TASK STATEMENT :: The answer must reproduce the listing exactly, with every picture left out.

RECORDS TO PROCESS ::
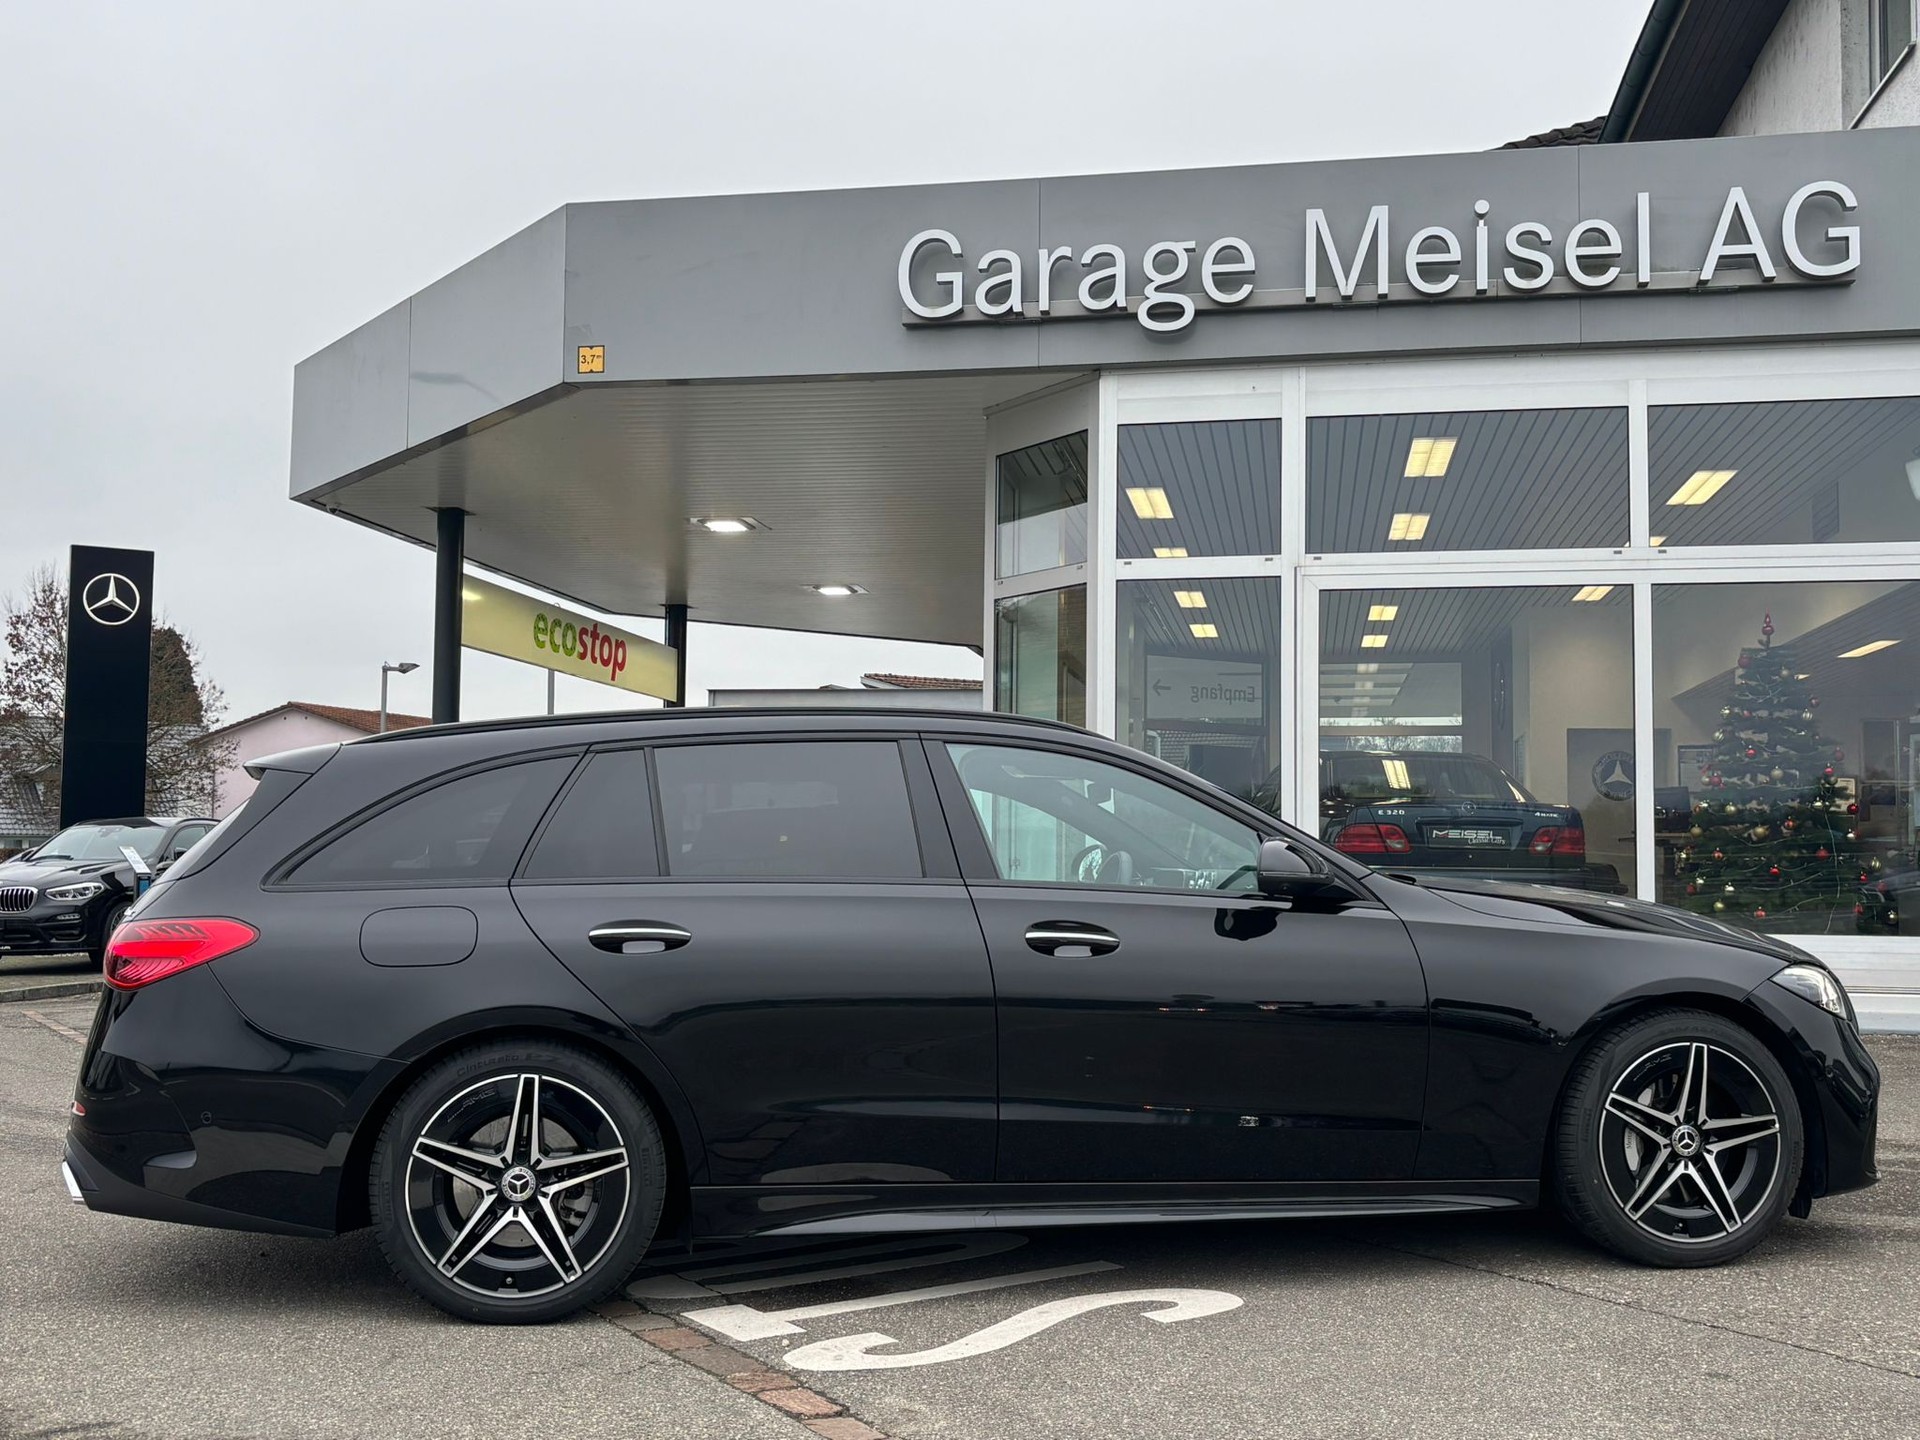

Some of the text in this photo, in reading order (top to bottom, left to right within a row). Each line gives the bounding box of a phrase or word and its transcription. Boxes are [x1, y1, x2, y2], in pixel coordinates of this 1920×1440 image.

[898, 181, 1861, 333] Garage Meisel AG
[533, 613, 628, 682] ecostop
[1432, 829, 1502, 839] MEISEL
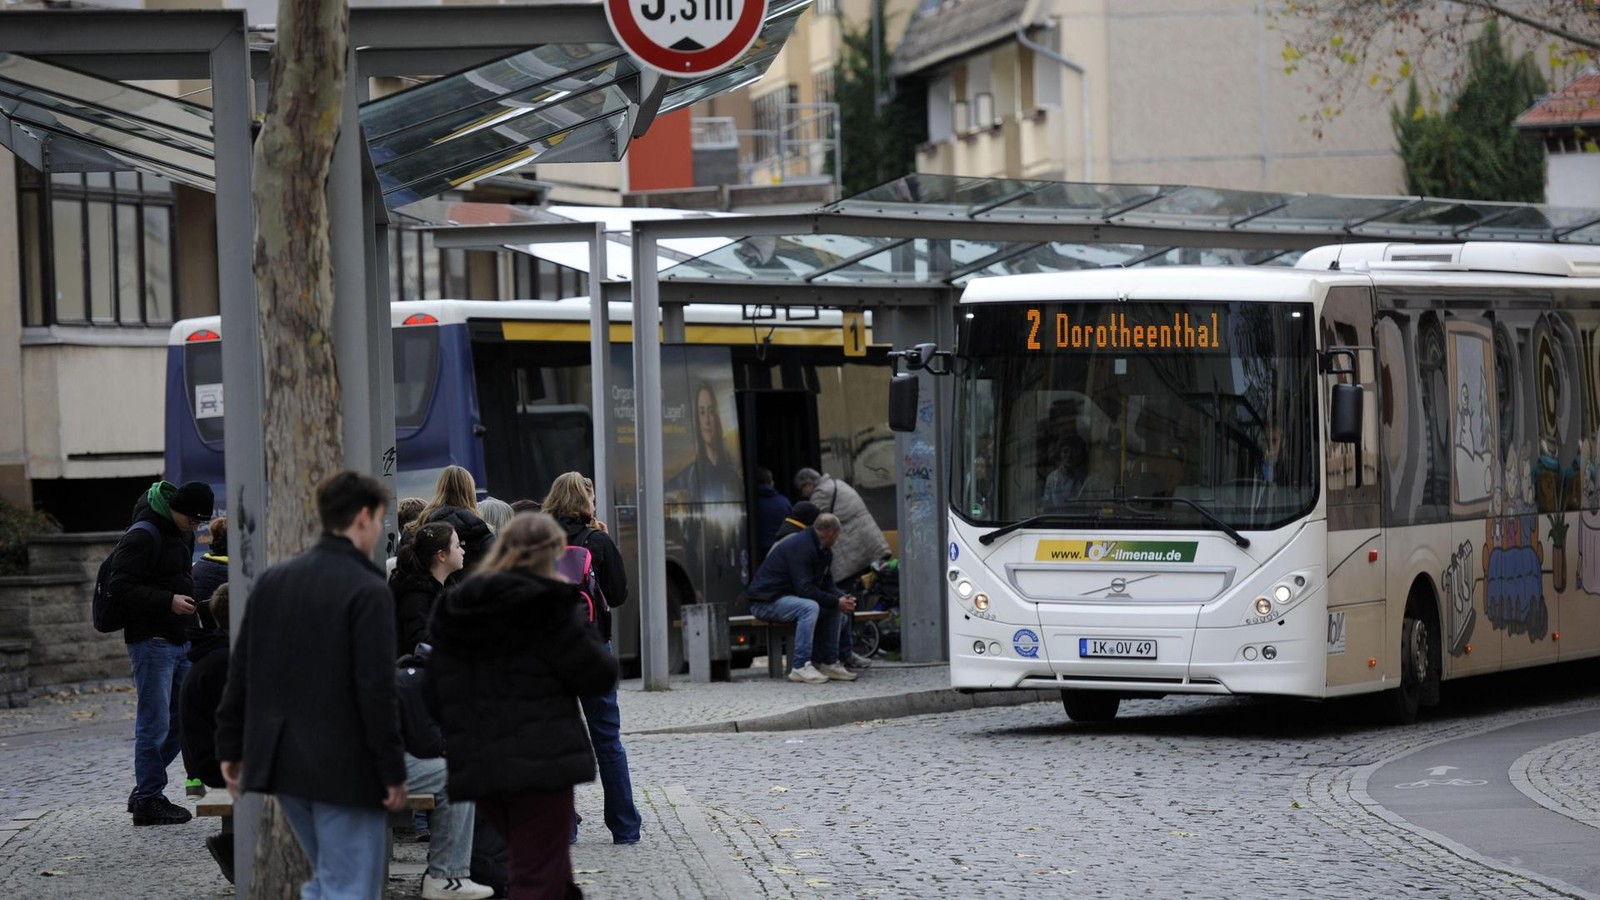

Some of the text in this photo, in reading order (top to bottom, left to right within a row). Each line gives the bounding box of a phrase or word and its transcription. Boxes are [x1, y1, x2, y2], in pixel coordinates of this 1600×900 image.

[849, 317, 859, 352] 1
[1027, 309, 1219, 350] 2 Dorotheenthal
[1092, 641, 1152, 655] IK OV 49

RESULT OF THIS TASK ::
Some of the text in this photo, in reading order (top to bottom, left to right within a row). Each line gives the bounding box of a phrase or word and its transcription. Boxes are [x1, y1, x2, y2], in pixel coordinates of this 1920×1440 image.

[898, 181, 1861, 333] Garage Meisel AG
[533, 613, 628, 682] ecostop
[1432, 829, 1502, 839] MEISEL

Some of the text in this photo, in reading order (top to bottom, left to right within a row). Each line gives the bounding box of a phrase or word and its transcription. Boxes are [x1, y1, x2, y2], in pixel coordinates of this 1600×900 image.

[849, 317, 859, 352] 1
[1027, 309, 1219, 350] 2 Dorotheenthal
[1092, 641, 1152, 655] IK OV 49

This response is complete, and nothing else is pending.